Extracted entries:

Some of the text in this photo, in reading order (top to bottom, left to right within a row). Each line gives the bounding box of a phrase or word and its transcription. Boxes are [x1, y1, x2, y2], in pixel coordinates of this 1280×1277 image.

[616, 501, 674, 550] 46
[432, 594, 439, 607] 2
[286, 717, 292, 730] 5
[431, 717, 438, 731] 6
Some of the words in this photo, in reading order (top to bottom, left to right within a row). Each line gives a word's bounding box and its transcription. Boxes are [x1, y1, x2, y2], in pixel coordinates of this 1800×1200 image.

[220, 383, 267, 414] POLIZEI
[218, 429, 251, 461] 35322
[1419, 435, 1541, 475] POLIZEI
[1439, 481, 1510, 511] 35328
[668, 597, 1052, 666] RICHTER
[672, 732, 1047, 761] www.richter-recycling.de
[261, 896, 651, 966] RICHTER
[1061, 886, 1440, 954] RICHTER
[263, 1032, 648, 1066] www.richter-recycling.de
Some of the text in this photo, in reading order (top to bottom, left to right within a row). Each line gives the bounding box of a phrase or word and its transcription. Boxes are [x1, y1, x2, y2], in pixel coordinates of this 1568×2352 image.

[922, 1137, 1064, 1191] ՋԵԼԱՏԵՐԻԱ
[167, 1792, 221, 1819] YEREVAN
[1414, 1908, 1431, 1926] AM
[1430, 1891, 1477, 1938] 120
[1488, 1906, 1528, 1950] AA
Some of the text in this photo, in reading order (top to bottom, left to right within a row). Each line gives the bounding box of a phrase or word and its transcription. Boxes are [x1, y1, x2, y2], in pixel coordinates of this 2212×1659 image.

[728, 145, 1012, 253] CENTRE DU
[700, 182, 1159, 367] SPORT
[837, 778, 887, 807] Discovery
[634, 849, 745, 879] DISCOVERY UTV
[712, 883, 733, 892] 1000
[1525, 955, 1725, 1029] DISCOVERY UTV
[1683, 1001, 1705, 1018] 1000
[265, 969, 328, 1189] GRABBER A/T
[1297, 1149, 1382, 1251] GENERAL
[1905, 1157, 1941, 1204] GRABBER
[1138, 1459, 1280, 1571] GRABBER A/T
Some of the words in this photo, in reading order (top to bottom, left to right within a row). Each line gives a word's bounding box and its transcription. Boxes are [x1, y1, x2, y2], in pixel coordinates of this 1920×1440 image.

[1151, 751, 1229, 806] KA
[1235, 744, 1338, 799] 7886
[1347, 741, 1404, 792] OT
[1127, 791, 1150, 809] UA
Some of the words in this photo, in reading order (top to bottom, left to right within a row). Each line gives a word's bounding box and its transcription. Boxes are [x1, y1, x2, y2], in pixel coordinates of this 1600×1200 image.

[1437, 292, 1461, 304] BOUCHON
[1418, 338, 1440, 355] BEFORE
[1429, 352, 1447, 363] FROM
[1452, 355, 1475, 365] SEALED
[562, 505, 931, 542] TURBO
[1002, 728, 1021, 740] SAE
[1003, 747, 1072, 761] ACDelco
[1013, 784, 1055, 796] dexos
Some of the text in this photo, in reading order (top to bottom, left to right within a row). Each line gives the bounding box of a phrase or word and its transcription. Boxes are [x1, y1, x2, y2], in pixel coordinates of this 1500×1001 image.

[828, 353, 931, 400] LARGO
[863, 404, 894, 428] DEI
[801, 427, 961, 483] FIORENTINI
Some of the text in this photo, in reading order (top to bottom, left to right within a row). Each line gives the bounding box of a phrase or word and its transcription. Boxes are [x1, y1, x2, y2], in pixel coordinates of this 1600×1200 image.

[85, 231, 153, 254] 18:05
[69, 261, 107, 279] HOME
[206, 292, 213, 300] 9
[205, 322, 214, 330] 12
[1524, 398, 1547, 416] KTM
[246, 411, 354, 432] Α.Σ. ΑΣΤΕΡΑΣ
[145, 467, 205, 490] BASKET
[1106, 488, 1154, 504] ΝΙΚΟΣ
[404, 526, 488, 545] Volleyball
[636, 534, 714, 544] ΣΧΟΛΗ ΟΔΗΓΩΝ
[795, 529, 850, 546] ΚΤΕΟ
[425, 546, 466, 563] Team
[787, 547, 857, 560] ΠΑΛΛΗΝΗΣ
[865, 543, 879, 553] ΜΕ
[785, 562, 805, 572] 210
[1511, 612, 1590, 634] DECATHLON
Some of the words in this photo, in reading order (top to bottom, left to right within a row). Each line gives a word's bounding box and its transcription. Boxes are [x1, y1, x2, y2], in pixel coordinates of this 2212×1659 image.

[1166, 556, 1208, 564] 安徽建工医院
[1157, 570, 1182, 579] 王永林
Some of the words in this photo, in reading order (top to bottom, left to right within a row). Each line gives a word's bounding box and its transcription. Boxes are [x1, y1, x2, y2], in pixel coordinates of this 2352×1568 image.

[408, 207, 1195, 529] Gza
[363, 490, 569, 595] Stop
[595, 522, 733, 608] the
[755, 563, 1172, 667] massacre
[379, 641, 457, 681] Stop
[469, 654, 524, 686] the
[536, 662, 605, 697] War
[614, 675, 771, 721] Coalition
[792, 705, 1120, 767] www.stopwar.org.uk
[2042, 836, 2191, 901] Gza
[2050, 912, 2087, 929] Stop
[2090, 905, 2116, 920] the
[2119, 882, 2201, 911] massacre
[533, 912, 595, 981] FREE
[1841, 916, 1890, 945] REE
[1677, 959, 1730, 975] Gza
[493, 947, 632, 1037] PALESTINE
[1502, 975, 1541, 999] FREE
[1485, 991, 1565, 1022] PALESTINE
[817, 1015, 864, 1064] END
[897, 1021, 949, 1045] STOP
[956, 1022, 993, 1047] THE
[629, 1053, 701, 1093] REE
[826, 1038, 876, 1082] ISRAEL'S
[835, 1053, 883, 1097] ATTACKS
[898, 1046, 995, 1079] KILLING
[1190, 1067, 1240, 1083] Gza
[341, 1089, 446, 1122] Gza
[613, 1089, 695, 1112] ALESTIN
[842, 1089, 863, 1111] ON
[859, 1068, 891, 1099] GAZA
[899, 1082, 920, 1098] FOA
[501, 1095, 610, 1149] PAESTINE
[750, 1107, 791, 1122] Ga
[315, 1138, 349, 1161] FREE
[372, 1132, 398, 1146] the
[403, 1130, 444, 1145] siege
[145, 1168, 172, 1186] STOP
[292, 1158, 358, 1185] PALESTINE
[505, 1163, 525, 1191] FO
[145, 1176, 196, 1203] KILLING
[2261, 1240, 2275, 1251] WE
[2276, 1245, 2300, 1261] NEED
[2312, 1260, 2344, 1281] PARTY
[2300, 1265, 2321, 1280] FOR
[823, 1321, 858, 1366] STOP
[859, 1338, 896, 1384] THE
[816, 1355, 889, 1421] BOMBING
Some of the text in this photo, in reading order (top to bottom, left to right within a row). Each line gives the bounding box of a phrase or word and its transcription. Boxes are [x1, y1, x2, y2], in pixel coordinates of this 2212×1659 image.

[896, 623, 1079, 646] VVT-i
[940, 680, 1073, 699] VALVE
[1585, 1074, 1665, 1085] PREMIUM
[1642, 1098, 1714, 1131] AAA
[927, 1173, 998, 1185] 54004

Work instructions:
The material should be transcribed in full, character for character.

Response below:
Some of the text in this photo, in reading order (top to bottom, left to right within a row). Each line gives the bounding box of a phrase or word and its transcription. Boxes are [x1, y1, x2, y2], in pixel coordinates of this 1280×1277 image.

[616, 501, 674, 550] 46
[432, 594, 439, 607] 2
[286, 717, 292, 730] 5
[431, 717, 438, 731] 6
Some of the words in this photo, in reading order (top to bottom, left to right within a row). Each line gives a word's bounding box and its transcription. Boxes are [x1, y1, x2, y2], in pixel coordinates of this 1800×1200 image.

[220, 383, 267, 414] POLIZEI
[218, 429, 251, 461] 35322
[1419, 435, 1541, 475] POLIZEI
[1439, 481, 1510, 511] 35328
[668, 597, 1052, 666] RICHTER
[672, 732, 1047, 761] www.richter-recycling.de
[261, 896, 651, 966] RICHTER
[1061, 886, 1440, 954] RICHTER
[263, 1032, 648, 1066] www.richter-recycling.de
Some of the text in this photo, in reading order (top to bottom, left to right within a row). Each line gives the bounding box of a phrase or word and its transcription. Boxes are [x1, y1, x2, y2], in pixel coordinates of this 1568×2352 image.

[922, 1137, 1064, 1191] ՋԵԼԱՏԵՐԻԱ
[167, 1792, 221, 1819] YEREVAN
[1414, 1908, 1431, 1926] AM
[1430, 1891, 1477, 1938] 120
[1488, 1906, 1528, 1950] AA
Some of the text in this photo, in reading order (top to bottom, left to right within a row). Each line gives the bounding box of a phrase or word and its transcription. Boxes are [x1, y1, x2, y2], in pixel coordinates of this 2212×1659 image.

[728, 145, 1012, 253] CENTRE DU
[700, 182, 1159, 367] SPORT
[837, 778, 887, 807] Discovery
[634, 849, 745, 879] DISCOVERY UTV
[712, 883, 733, 892] 1000
[1525, 955, 1725, 1029] DISCOVERY UTV
[1683, 1001, 1705, 1018] 1000
[265, 969, 328, 1189] GRABBER A/T
[1297, 1149, 1382, 1251] GENERAL
[1905, 1157, 1941, 1204] GRABBER
[1138, 1459, 1280, 1571] GRABBER A/T
Some of the words in this photo, in reading order (top to bottom, left to right within a row). Each line gives a word's bounding box and its transcription. Boxes are [x1, y1, x2, y2], in pixel coordinates of this 1920×1440 image.

[1151, 751, 1229, 806] KA
[1235, 744, 1338, 799] 7886
[1347, 741, 1404, 792] OT
[1127, 791, 1150, 809] UA
Some of the words in this photo, in reading order (top to bottom, left to right within a row). Each line gives a word's bounding box and its transcription. Boxes are [x1, y1, x2, y2], in pixel coordinates of this 1600×1200 image.

[1437, 292, 1461, 304] BOUCHON
[1418, 338, 1440, 355] BEFORE
[1429, 352, 1447, 363] FROM
[1452, 355, 1475, 365] SEALED
[562, 505, 931, 542] TURBO
[1002, 728, 1021, 740] SAE
[1003, 747, 1072, 761] ACDelco
[1013, 784, 1055, 796] dexos
Some of the text in this photo, in reading order (top to bottom, left to right within a row). Each line gives the bounding box of a phrase or word and its transcription. Boxes are [x1, y1, x2, y2], in pixel coordinates of this 1500×1001 image.

[828, 353, 931, 400] LARGO
[863, 404, 894, 428] DEI
[801, 427, 961, 483] FIORENTINI
Some of the text in this photo, in reading order (top to bottom, left to right within a row). Each line gives the bounding box of a phrase or word and its transcription. Boxes are [x1, y1, x2, y2], in pixel coordinates of this 1600×1200 image.

[85, 231, 153, 254] 18:05
[69, 261, 107, 279] HOME
[206, 292, 213, 300] 9
[205, 322, 214, 330] 12
[1524, 398, 1547, 416] KTM
[246, 411, 354, 432] Α.Σ. ΑΣΤΕΡΑΣ
[145, 467, 205, 490] BASKET
[1106, 488, 1154, 504] ΝΙΚΟΣ
[404, 526, 488, 545] Volleyball
[636, 534, 714, 544] ΣΧΟΛΗ ΟΔΗΓΩΝ
[795, 529, 850, 546] ΚΤΕΟ
[425, 546, 466, 563] Team
[787, 547, 857, 560] ΠΑΛΛΗΝΗΣ
[865, 543, 879, 553] ΜΕ
[785, 562, 805, 572] 210
[1511, 612, 1590, 634] DECATHLON
Some of the words in this photo, in reading order (top to bottom, left to right within a row). Each line gives a word's bounding box and its transcription. Boxes are [x1, y1, x2, y2], in pixel coordinates of this 2212×1659 image.

[1166, 556, 1208, 564] 安徽建工医院
[1157, 570, 1182, 579] 王永林
Some of the words in this photo, in reading order (top to bottom, left to right within a row). Each line gives a word's bounding box and its transcription. Boxes are [x1, y1, x2, y2], in pixel coordinates of this 2352×1568 image.

[408, 207, 1195, 529] Gza
[363, 490, 569, 595] Stop
[595, 522, 733, 608] the
[755, 563, 1172, 667] massacre
[379, 641, 457, 681] Stop
[469, 654, 524, 686] the
[536, 662, 605, 697] War
[614, 675, 771, 721] Coalition
[792, 705, 1120, 767] www.stopwar.org.uk
[2042, 836, 2191, 901] Gza
[2050, 912, 2087, 929] Stop
[2090, 905, 2116, 920] the
[2119, 882, 2201, 911] massacre
[533, 912, 595, 981] FREE
[1841, 916, 1890, 945] REE
[1677, 959, 1730, 975] Gza
[493, 947, 632, 1037] PALESTINE
[1502, 975, 1541, 999] FREE
[1485, 991, 1565, 1022] PALESTINE
[817, 1015, 864, 1064] END
[897, 1021, 949, 1045] STOP
[956, 1022, 993, 1047] THE
[629, 1053, 701, 1093] REE
[826, 1038, 876, 1082] ISRAEL'S
[835, 1053, 883, 1097] ATTACKS
[898, 1046, 995, 1079] KILLING
[1190, 1067, 1240, 1083] Gza
[341, 1089, 446, 1122] Gza
[613, 1089, 695, 1112] ALESTIN
[842, 1089, 863, 1111] ON
[859, 1068, 891, 1099] GAZA
[899, 1082, 920, 1098] FOA
[501, 1095, 610, 1149] PAESTINE
[750, 1107, 791, 1122] Ga
[315, 1138, 349, 1161] FREE
[372, 1132, 398, 1146] the
[403, 1130, 444, 1145] siege
[145, 1168, 172, 1186] STOP
[292, 1158, 358, 1185] PALESTINE
[505, 1163, 525, 1191] FO
[145, 1176, 196, 1203] KILLING
[2261, 1240, 2275, 1251] WE
[2276, 1245, 2300, 1261] NEED
[2312, 1260, 2344, 1281] PARTY
[2300, 1265, 2321, 1280] FOR
[823, 1321, 858, 1366] STOP
[859, 1338, 896, 1384] THE
[816, 1355, 889, 1421] BOMBING
Some of the text in this photo, in reading order (top to bottom, left to right within a row). Each line gives the bounding box of a phrase or word and its transcription. Boxes are [x1, y1, x2, y2], in pixel coordinates of this 2212×1659 image.

[896, 623, 1079, 646] VVT-i
[940, 680, 1073, 699] VALVE
[1585, 1074, 1665, 1085] PREMIUM
[1642, 1098, 1714, 1131] AAA
[927, 1173, 998, 1185] 54004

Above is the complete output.